Until about 2007, only about four in ten Americans agreed with the statement that "human beings, as we know them today, developed from an earlier species of animal." In the last dozen years or so, that number has climbed to 54% – the first time it's hit a majority, according to researchers at the National Center for Science Education.
Ken Ham of Answers in Genesis says sadly, the numbers aren't all that different among Christian children. "Ninety [to] 95% of kids from church homes go to the public schools – and they're indoctrinated in evolution," he points out.
And Ham warns that the trend is likely to get worse as time passes. "We're losing Generation X, Y, Z from the Church. [And] look at Generation Z: they're the first post-Christian generation ever and they're very secularized, very evolutionized," he argues.
But the founder of the Creation Museum sees a light at the end of the tunnel.
"There's still an incredible number of people in this nation who do believe in God's Word and do believe in creation," he tells AFN, "and I believe the impact of ministries like Answers in Genesis have had an incredible effect."
And as much as the coronavirus pandemic has thrown American life into chaos, Ham contends one change has been positive: "You can look at all the negative aspects of [the pandemic] …. But at the same time, God is in total control and [has] used it to take a lot of people out of the secular education system – and there are a lot more people homeschooling."
In one state alone …
In fact, the Texas Home School Coalition is reporting a record-breaking interest in homeschooling. Jeremy Newman, director of public policy for THSC, says their call and email volume exploded last year, reaching a then-record high of 1,037 contacts in one week – a nearly three-fold increase. But he says this year, indications are that interest will be even bigger.
"This fall, we thought we would have another rush, but we weren't sure how big it would be," he tells AFN. "And last week [August 9-13] we had almost 5,000 calls and emails come in – in one week."
Part of the reason for the sustained growth, he explains, is that once parents overcome their apprehension about homeschooling, they want to stick with it. But another factor – that alluded to by Ham – apparently is coming into play.

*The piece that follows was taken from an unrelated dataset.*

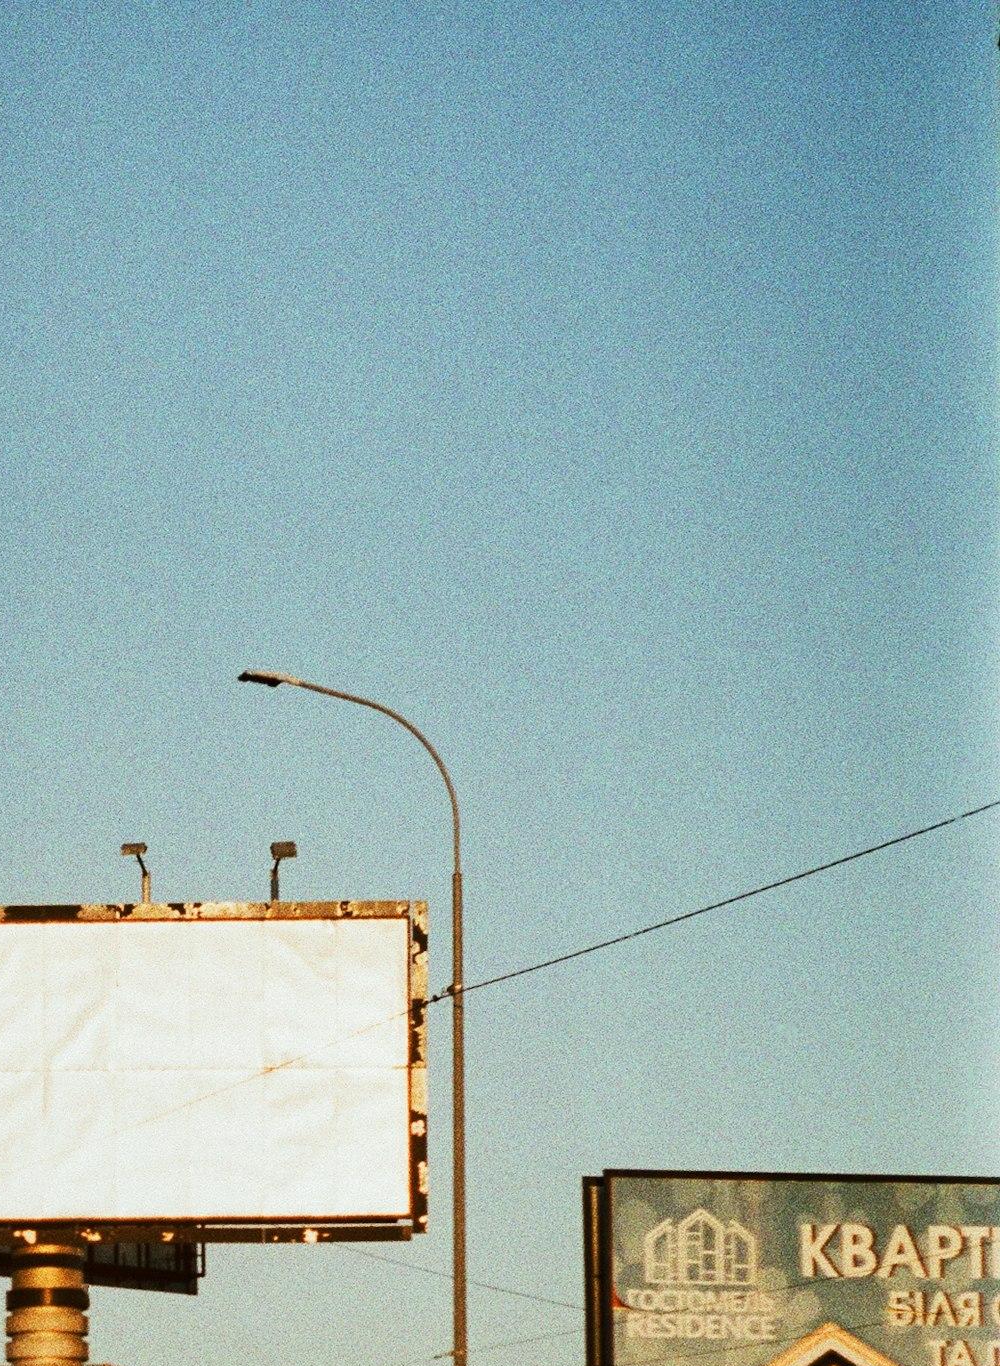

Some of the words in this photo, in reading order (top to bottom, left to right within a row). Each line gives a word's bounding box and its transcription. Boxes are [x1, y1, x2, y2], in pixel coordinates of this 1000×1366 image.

"It seems to be COVID that's driving the immediate decision-making because that's urgent," Newman shares. "… What we're hearing now is from people who started homeschooling a year ago and they expected it to be temporary – but they're coming back saying … We started homeschooling because of COVID, but we're going to keep homeschooling because it's working for us."
According to Newman, the biggest growth in homeschooling nationally is among minority families – which was the case before COVID; but it seems the pandemic has amplified that trend.